Assigned task:
Below are some records. Set down exactly the line holding "this 1920×1280 image." and every later line through the end, omitting the pictures.

-----

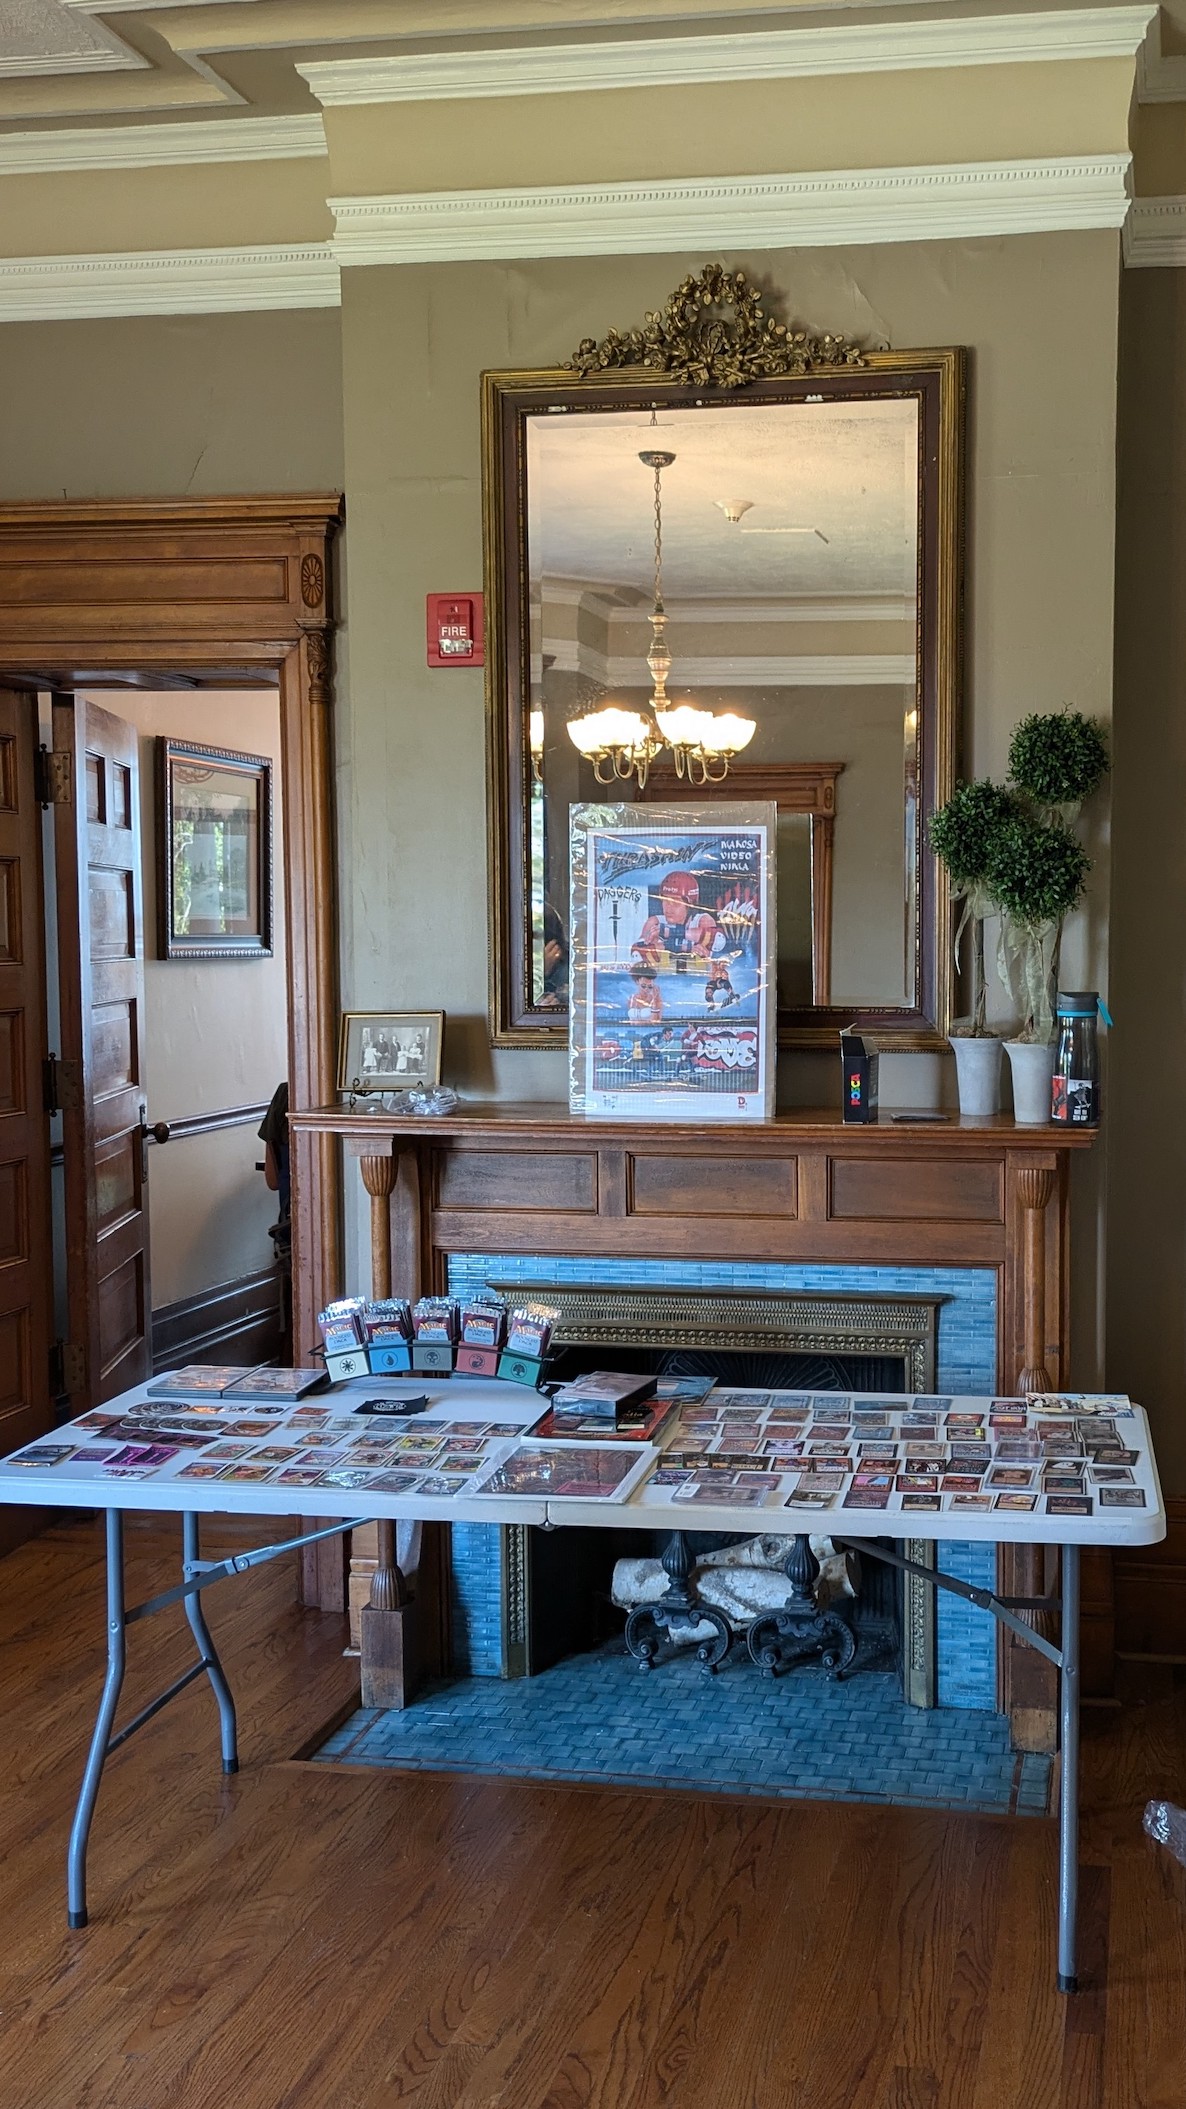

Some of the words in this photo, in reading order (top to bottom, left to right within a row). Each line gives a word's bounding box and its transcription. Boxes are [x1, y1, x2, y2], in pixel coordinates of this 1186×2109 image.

[441, 626, 467, 637] FIRE
[719, 851, 752, 860] VIDEO
[597, 885, 642, 904] DAGGERS
[850, 1073, 861, 1106] POSCA
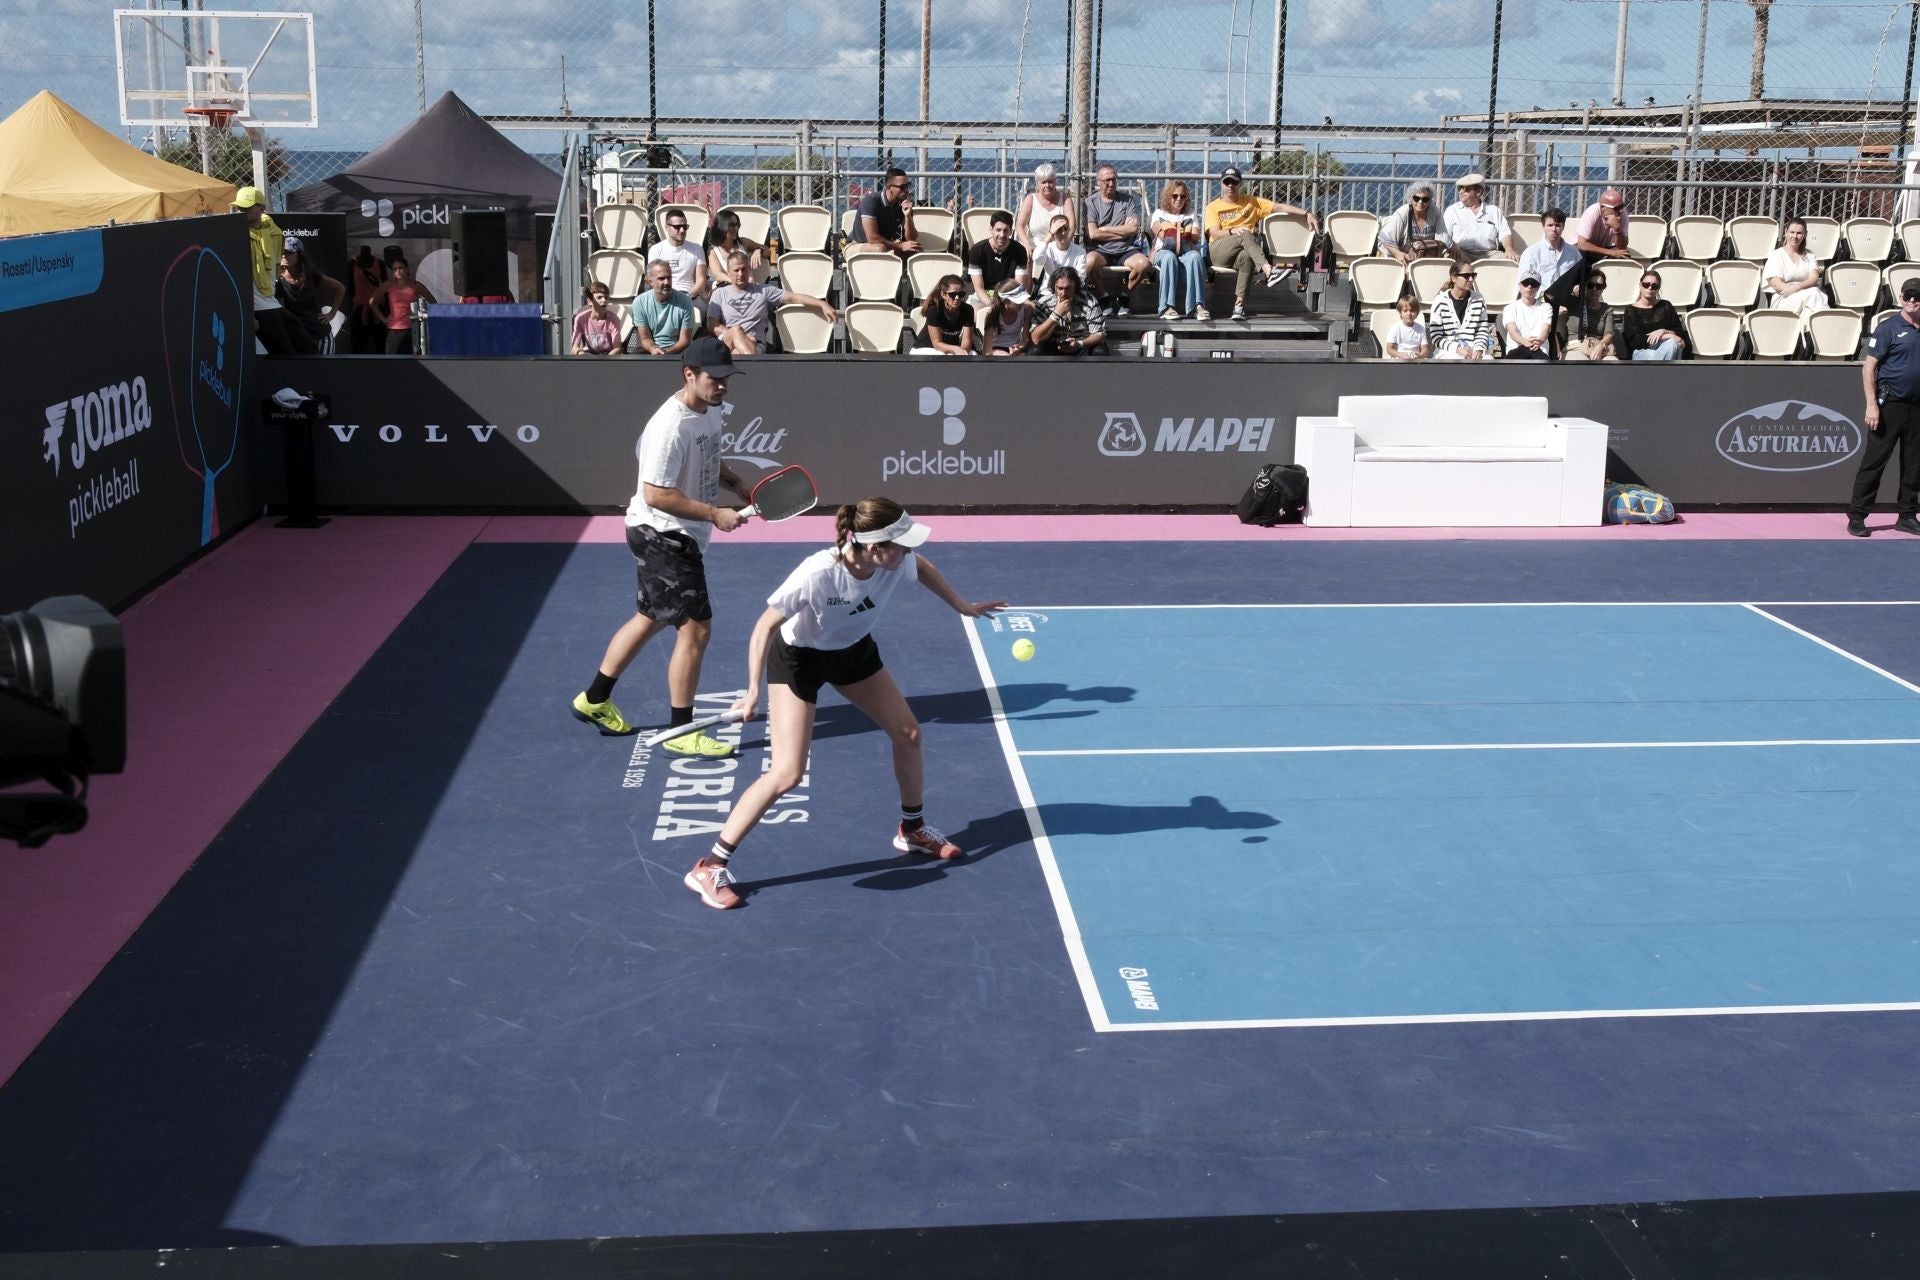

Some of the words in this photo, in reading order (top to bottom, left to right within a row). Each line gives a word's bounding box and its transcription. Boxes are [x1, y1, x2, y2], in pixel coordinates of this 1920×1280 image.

[328, 424, 540, 443] VOLVO
[1153, 417, 1276, 452] MAPEI
[1727, 426, 1850, 453] ASTURIANA
[1750, 424, 1796, 432] CENTRAL
[1801, 424, 1848, 432] LECHERA
[882, 449, 1005, 482] picklebull
[69, 457, 141, 539] pickleball
[622, 768, 647, 789] 1928
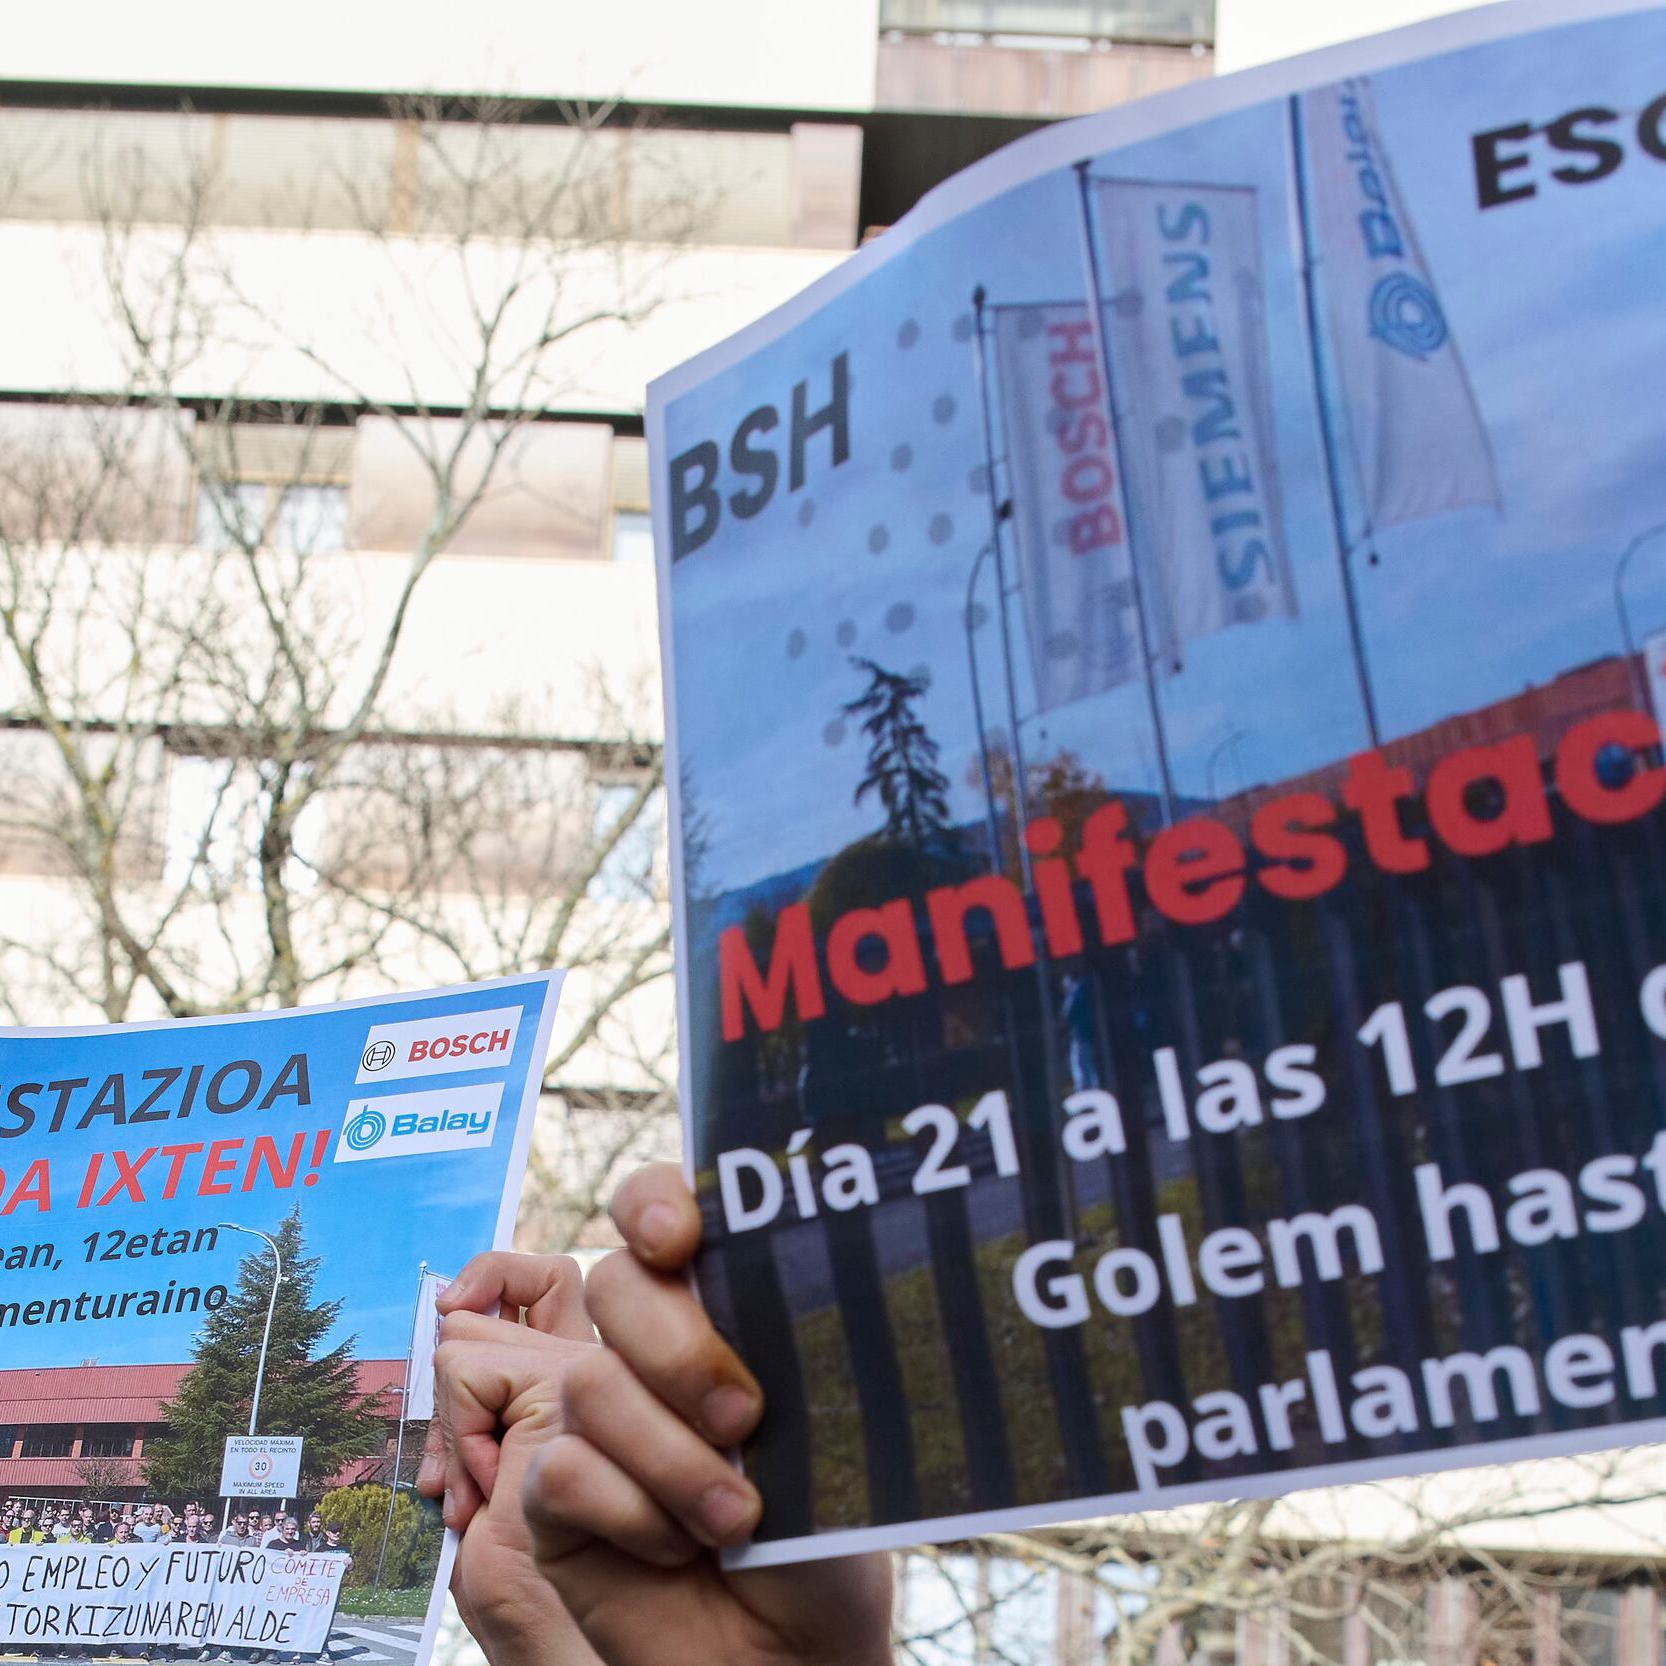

-----

Solution to the exercise:
Some of the words in this photo, in reading order (top to bottom, left to right within a row). Each line gives a word's bounding box and its transcription. Boxes are [x1, y1, x2, y2], in pixel coordinates of this 1920×1280 image.

[328, 424, 540, 443] VOLVO
[1153, 417, 1276, 452] MAPEI
[1727, 426, 1850, 453] ASTURIANA
[1750, 424, 1796, 432] CENTRAL
[1801, 424, 1848, 432] LECHERA
[882, 449, 1005, 482] picklebull
[69, 457, 141, 539] pickleball
[622, 768, 647, 789] 1928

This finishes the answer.